▶ **Work task**
Each record should be copied exactly into the answer, and no picture should go with it.

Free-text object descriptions
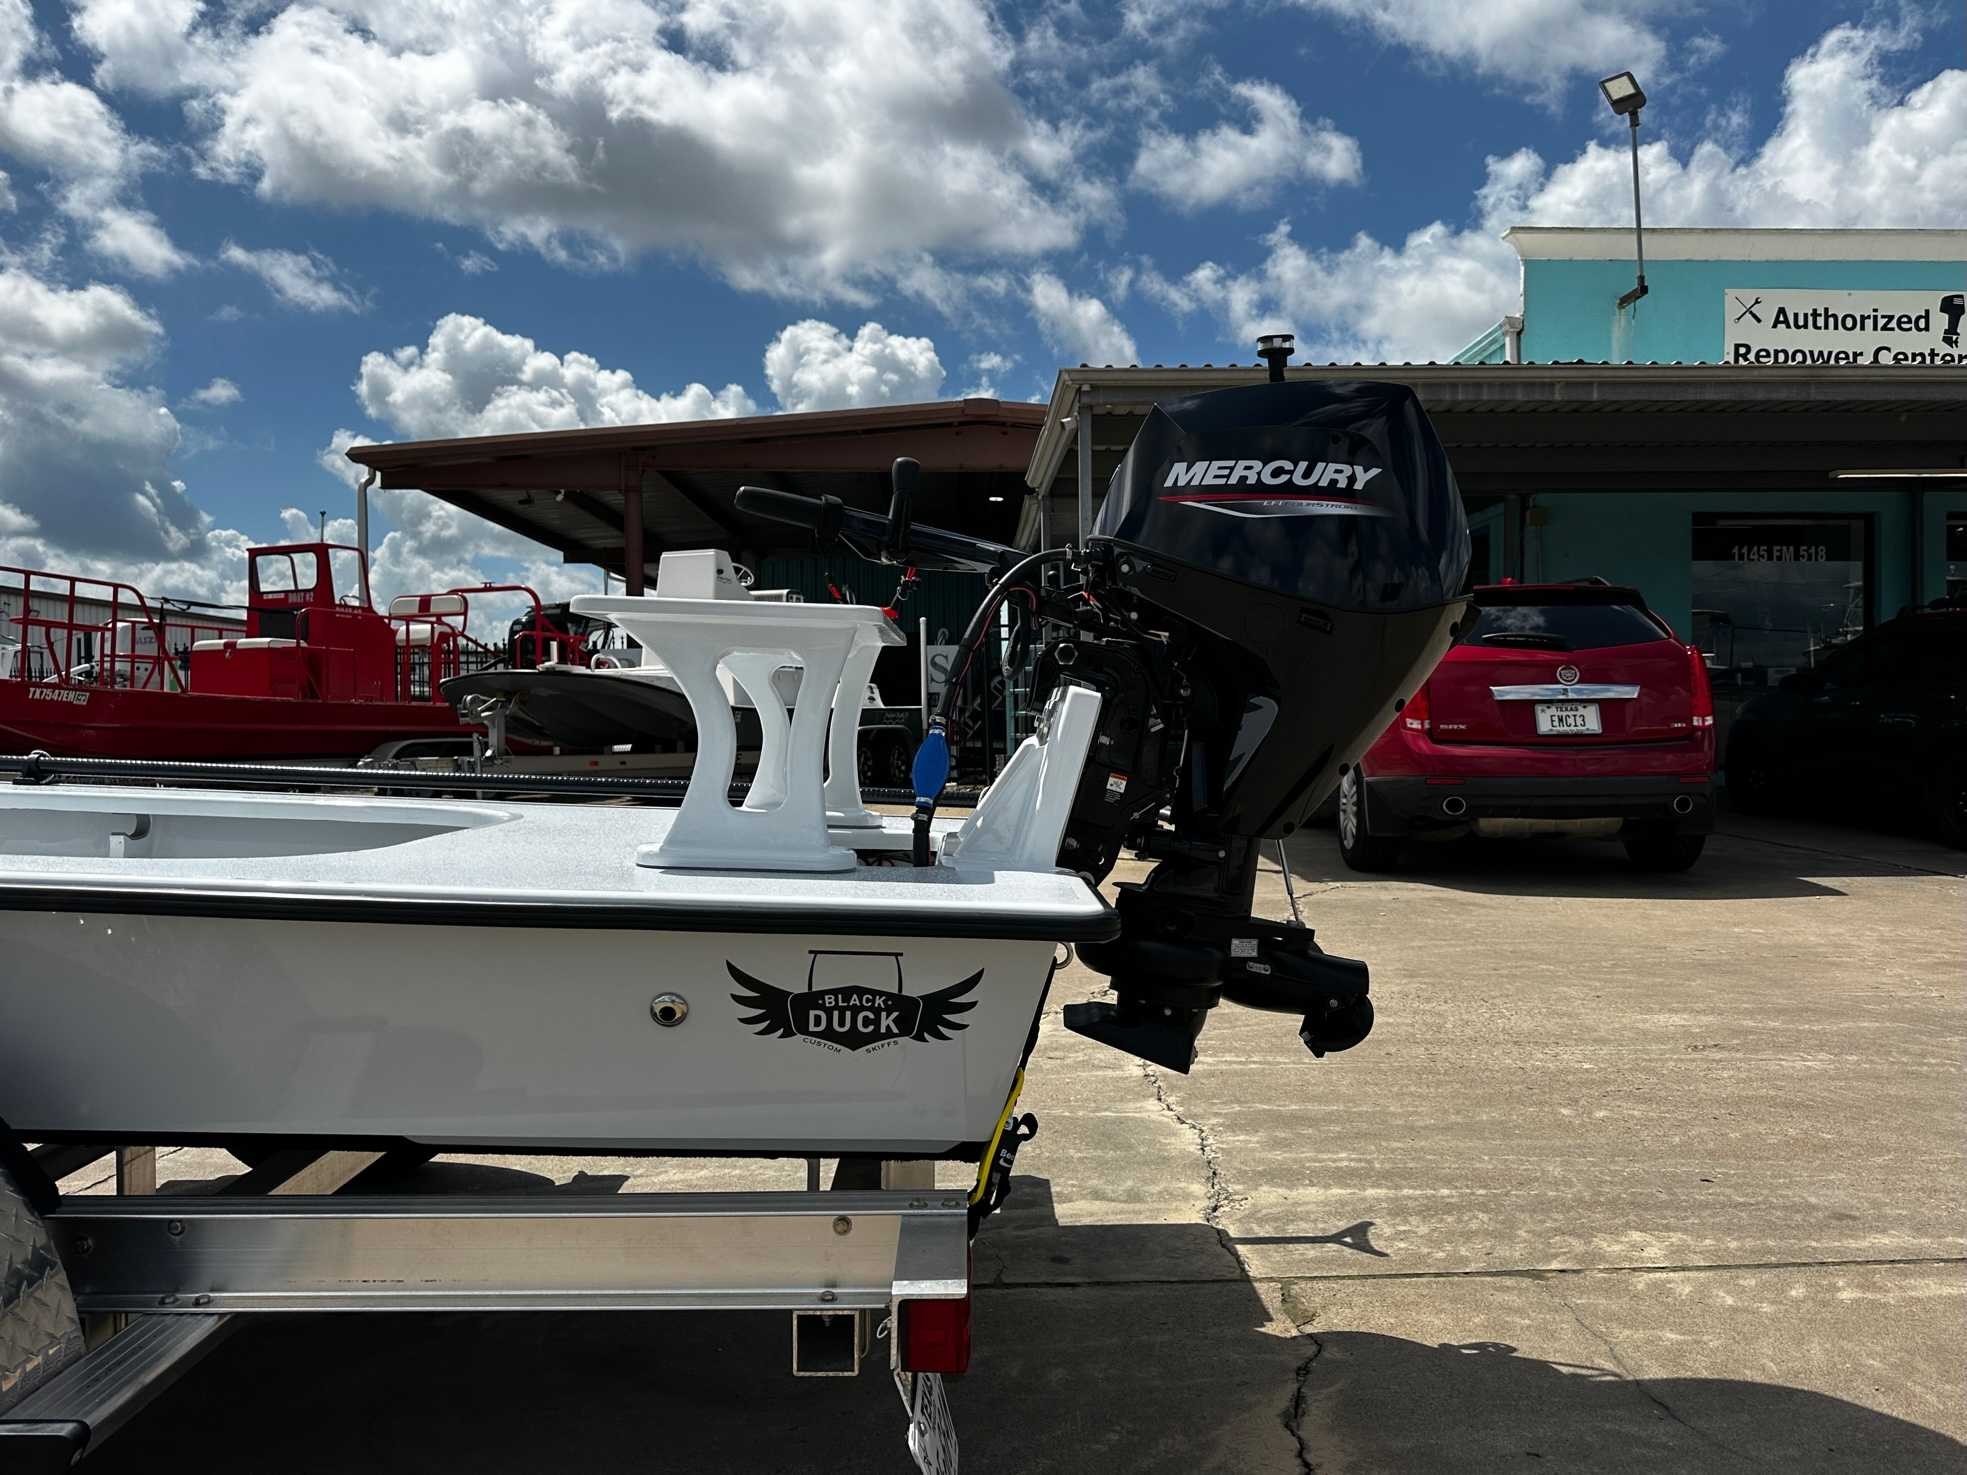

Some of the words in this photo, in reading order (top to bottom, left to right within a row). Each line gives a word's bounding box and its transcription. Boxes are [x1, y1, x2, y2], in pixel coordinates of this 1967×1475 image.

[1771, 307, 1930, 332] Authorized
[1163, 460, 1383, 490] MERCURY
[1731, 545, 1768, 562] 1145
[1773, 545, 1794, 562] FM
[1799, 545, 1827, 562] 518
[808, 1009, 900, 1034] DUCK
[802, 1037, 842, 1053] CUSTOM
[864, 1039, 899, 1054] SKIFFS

▶ **Task answer**
Some of the words in this photo, in reading order (top to bottom, left to right within a row). Each line gives a word's bounding box and its transcription. Boxes are [x1, y1, x2, y2], in pixel coordinates of this 1967×1475 image.

[1771, 307, 1930, 332] Authorized
[1163, 460, 1383, 490] MERCURY
[1731, 545, 1768, 562] 1145
[1773, 545, 1794, 562] FM
[1799, 545, 1827, 562] 518
[808, 1009, 900, 1034] DUCK
[802, 1037, 842, 1053] CUSTOM
[864, 1039, 899, 1054] SKIFFS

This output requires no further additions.